Gerritsen House - Waitairia Bay, New Zealand  

The site for this house project is on a hillside overlooking a picturesque bay on the northern tip of the South Island of New Zealand.  The charge for the house design was to design a larger than life house that also poetically interpreted the New Zealand culture and geography.  Also of interest to the client is the multi-national collaboration and communication.  The two bedroom, one bathroom weekend house of approximately 2,250 s.f. and will be used as a retreat from the client’s main house approximately 45 minutes away. 

The resulting design utilizes a sculptural concrete frame with a glass and timber weather enclosure.  An oversized exterior terrace firmly links the composition to the earth while the cantilevered balcony orients the house from the hillside toward the bay with slightly zoomorphic overtones.  The upper, open living and kitchen area face south and north, and the lower, divided bedroom wing has opens east and west.  They are perpendicular to one another and are linked via an internal staircase. 

The plan layout of the house has a symmetrical body and an asymmetrical wing to one side.  This formal layout of the house can perhaps best be understood by considering the form of the single outrigger canoe.  In this vessel type, a single, relatively unstable, yet symmetrical, hull is balanced and supported through buoyancy and dead weight by an asymmetrical outrigger with pontoon.  The house, not having similar functional requirements, utilizes only the formal symmetry of the canoe type.  When juxtaposed to the house, this composition is intended to be both highly monumental and informal at the same time.

On one level, the house deals with permanency and temporarily.  The house uses an architectural frame of poured in place concrete to form an apriori sculptural skeleton over which a more temporal glass and wood frame is intertwined to form the final living volume.  Though erected simultaneously, the conversation between these two systems alludes to time insofar as the original concrete skeleton can be visualized as either having existed before the house, and/or existing sometime in the future as an abstract ruin once the more temporal enclosures of glass and wood have weathered away.  Of course both systems are to be erected simultaneously and are dependent on one another for the typical functions of a house, the intent is to gesture to other times and civilizations well in advance and well after the current New Zealand culture. 

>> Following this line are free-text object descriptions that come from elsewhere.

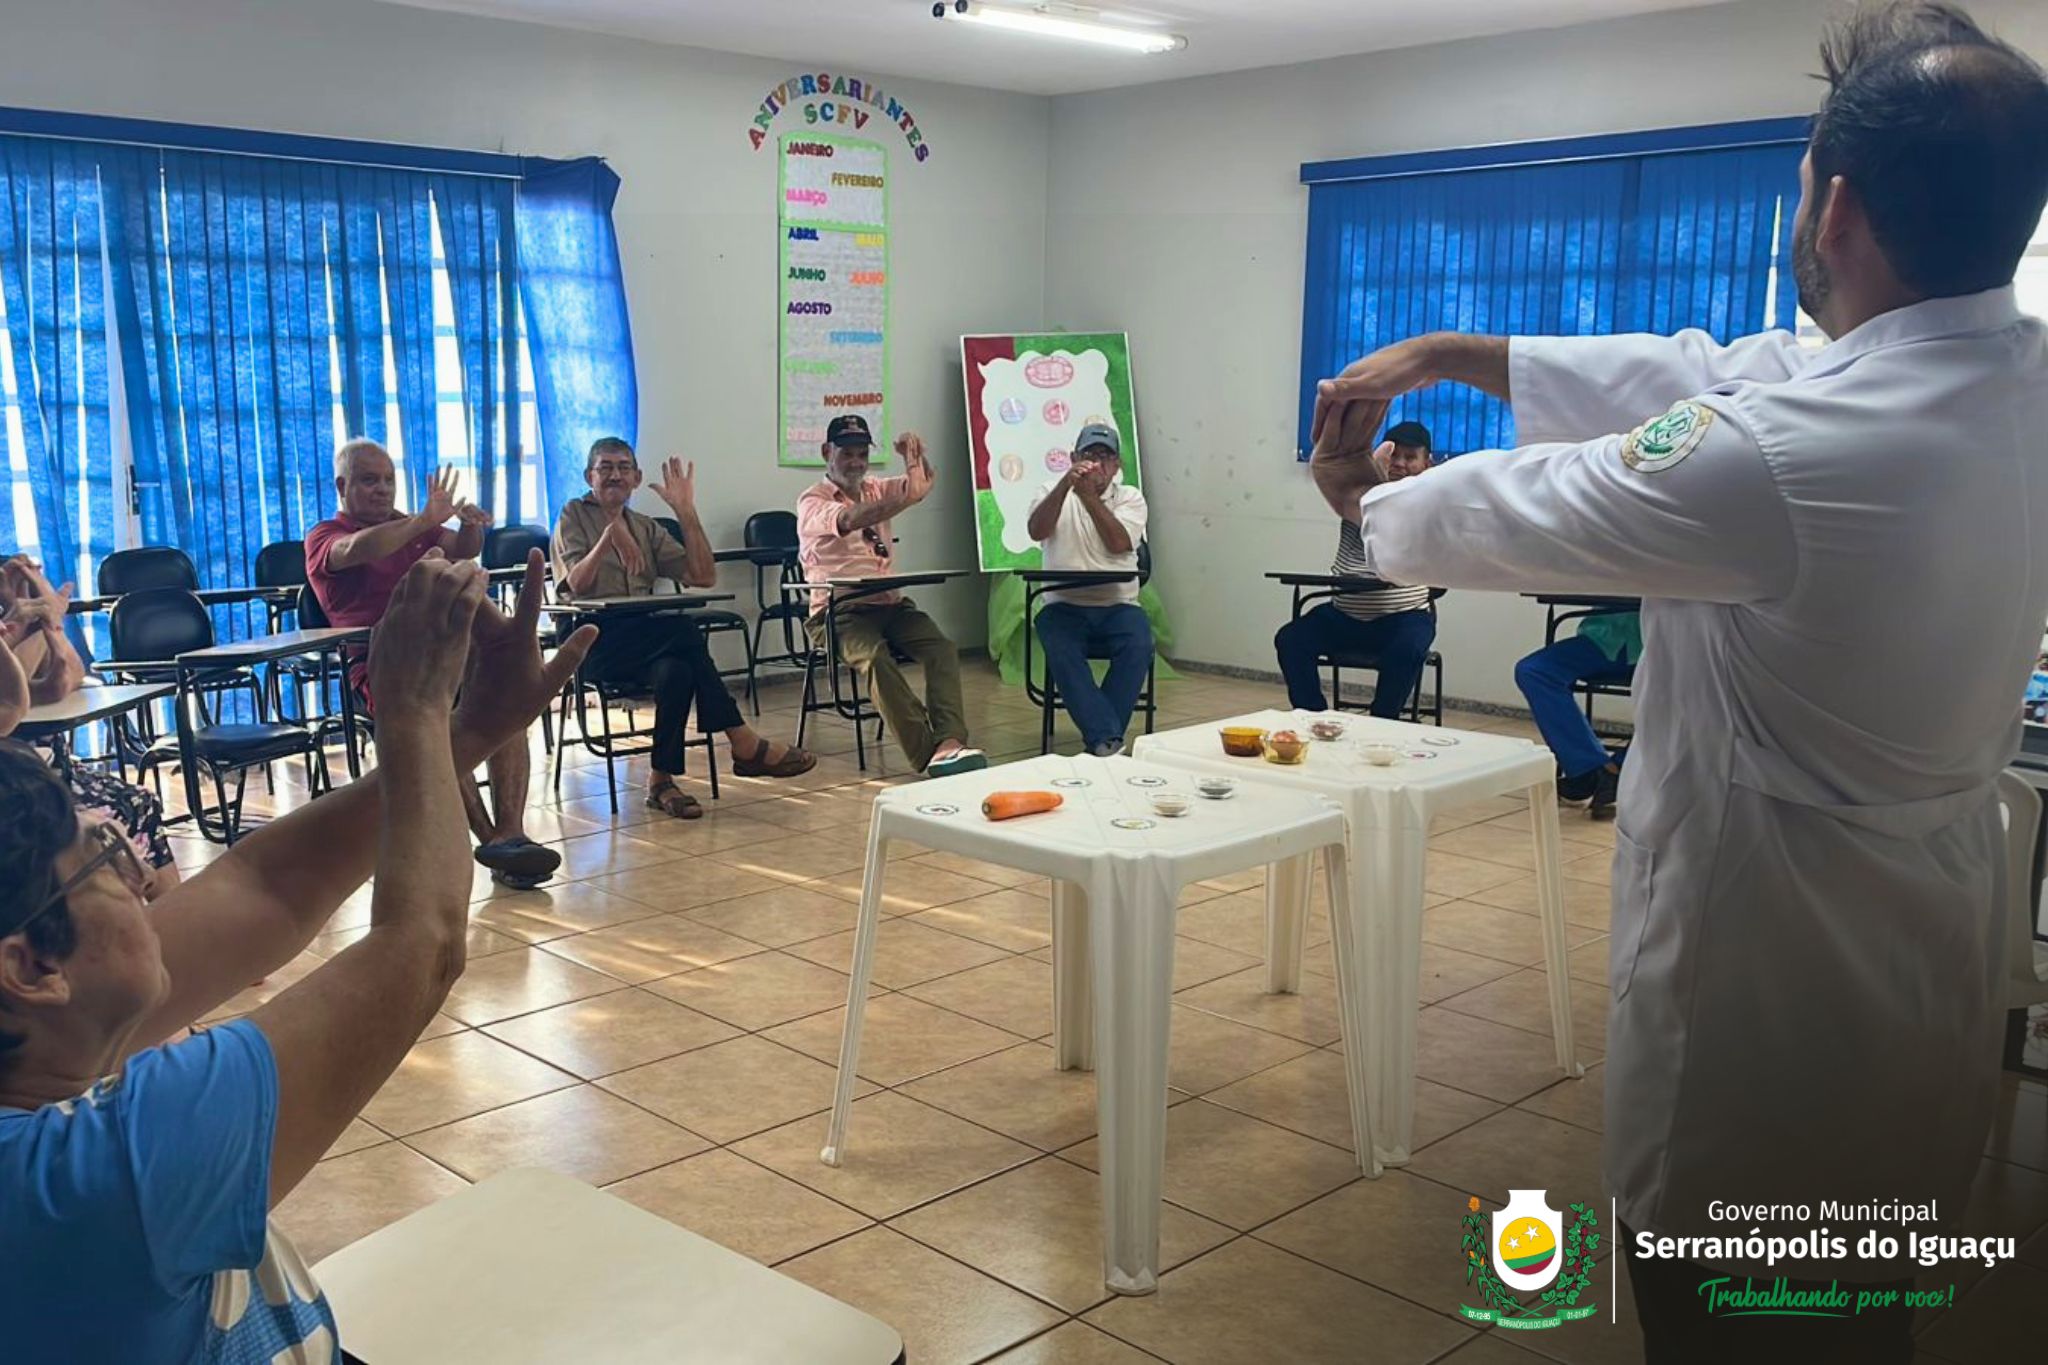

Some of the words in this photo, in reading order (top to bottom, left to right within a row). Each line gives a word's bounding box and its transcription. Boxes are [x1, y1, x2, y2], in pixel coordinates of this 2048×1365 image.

[748, 73, 930, 163] ANIVERSARIANTES
[803, 102, 869, 130] SCFV
[786, 141, 834, 157] JANEIRO
[831, 172, 884, 189] FEVEREIRO
[786, 188, 828, 206] MARÇO
[788, 226, 820, 241] ABRIL
[788, 266, 826, 281] JUNHO
[787, 301, 832, 315] AGOSTO
[823, 392, 884, 407] NOVEMBRO
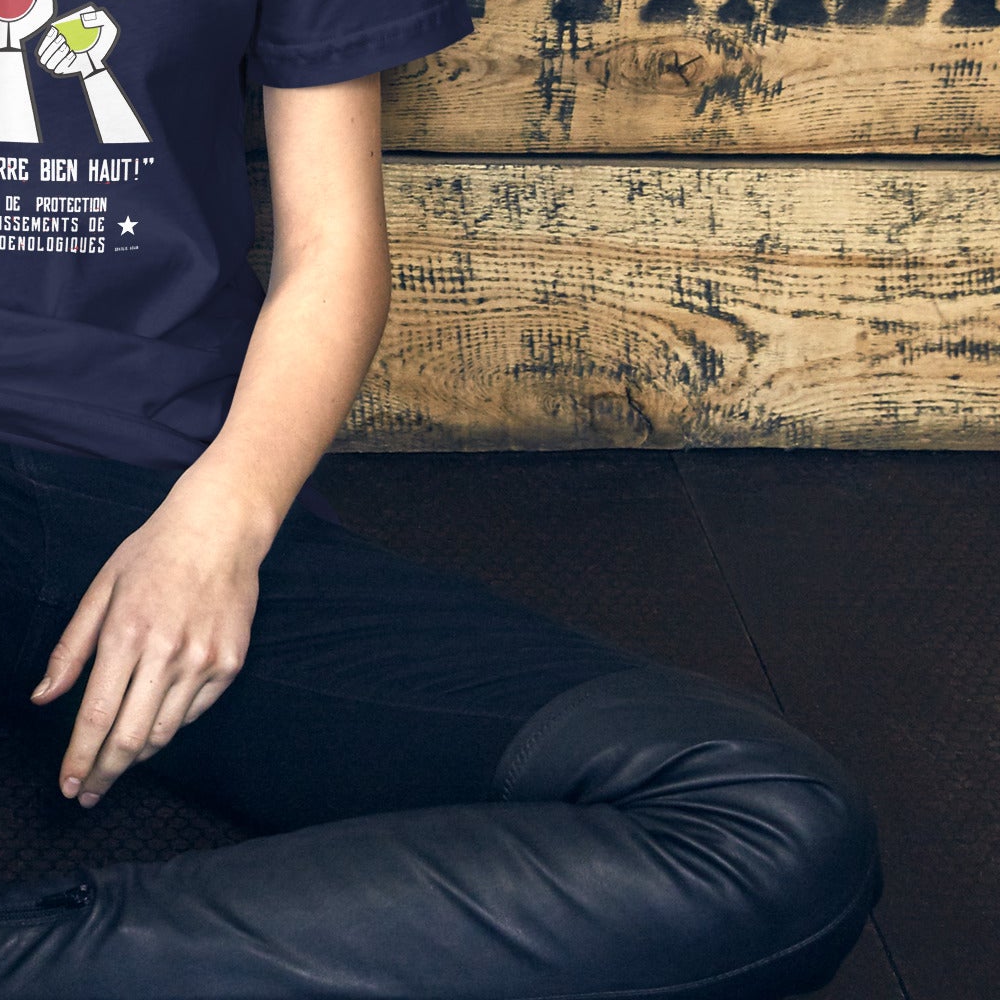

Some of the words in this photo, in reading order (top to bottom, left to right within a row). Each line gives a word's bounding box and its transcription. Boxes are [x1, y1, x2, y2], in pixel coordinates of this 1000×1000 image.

[39, 158, 78, 182] BIEN
[5, 195, 21, 212] DE
[35, 196, 108, 213] PROTECTION
[88, 216, 105, 233] DE
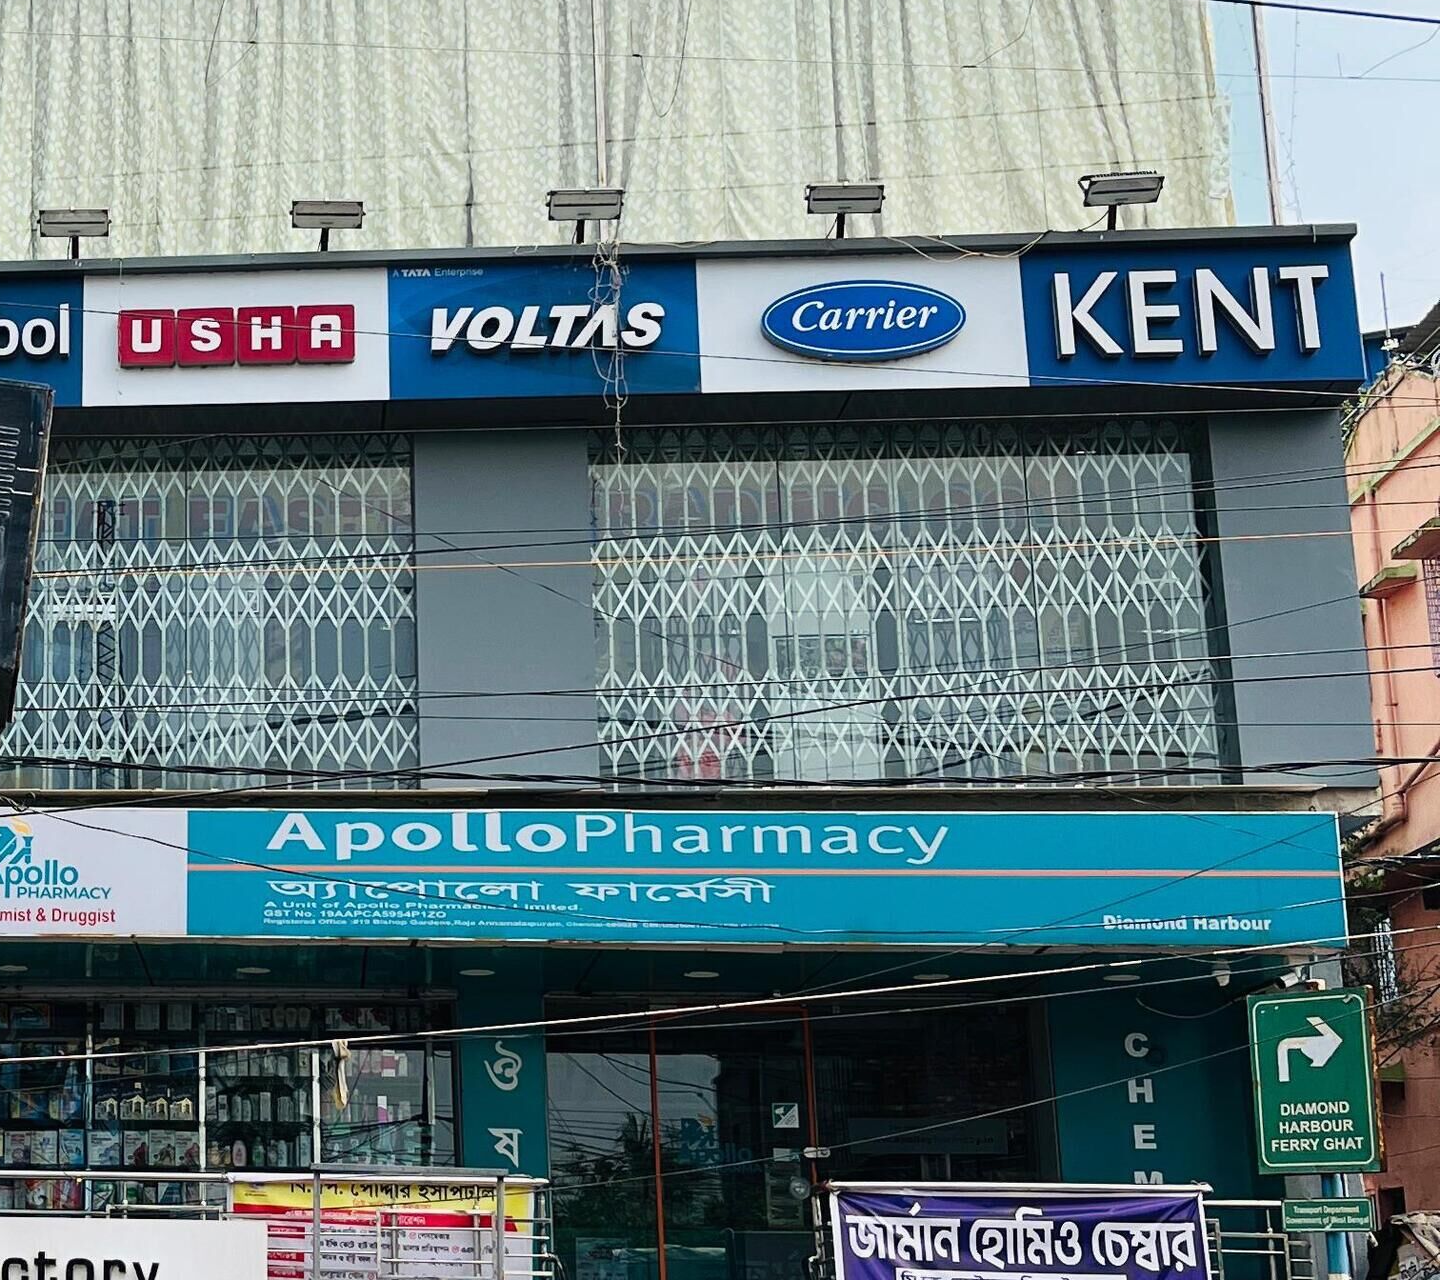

The bridging living volume frames oversized terracing stairs which connect the house to the shore.  The scale and sculptural form of these stairs allude to the primordial power of the island nation’s landscape. 

As a counterpoint to the serial site stairs is the singular, cantilevered balcony.  The precise metaphorical relationship of stairs to cantilever is a bit open-ended; however, they serve together to give a certain zoomorphic frontality to the house as it faces the water and horizon.   

On one level the house certainly has roots in the language of modernism with overtones of a more contemporary minimalism.  However, this architect intends more of a process reductivism.  Reductivism insofar as the meaning and multi-visual associations of the house elements are given more emphasis and power through the suppression of extraneous elements.  Minimalism can often through the baby out with the bath water. 

Of particular technical interest in achieving the particular sculptural aims of the house is a unique spandrel condition of the floor of the bridging living area.  It is intended that the glass with be laminate, and a mirroring insert will conceal the floor structure beyond.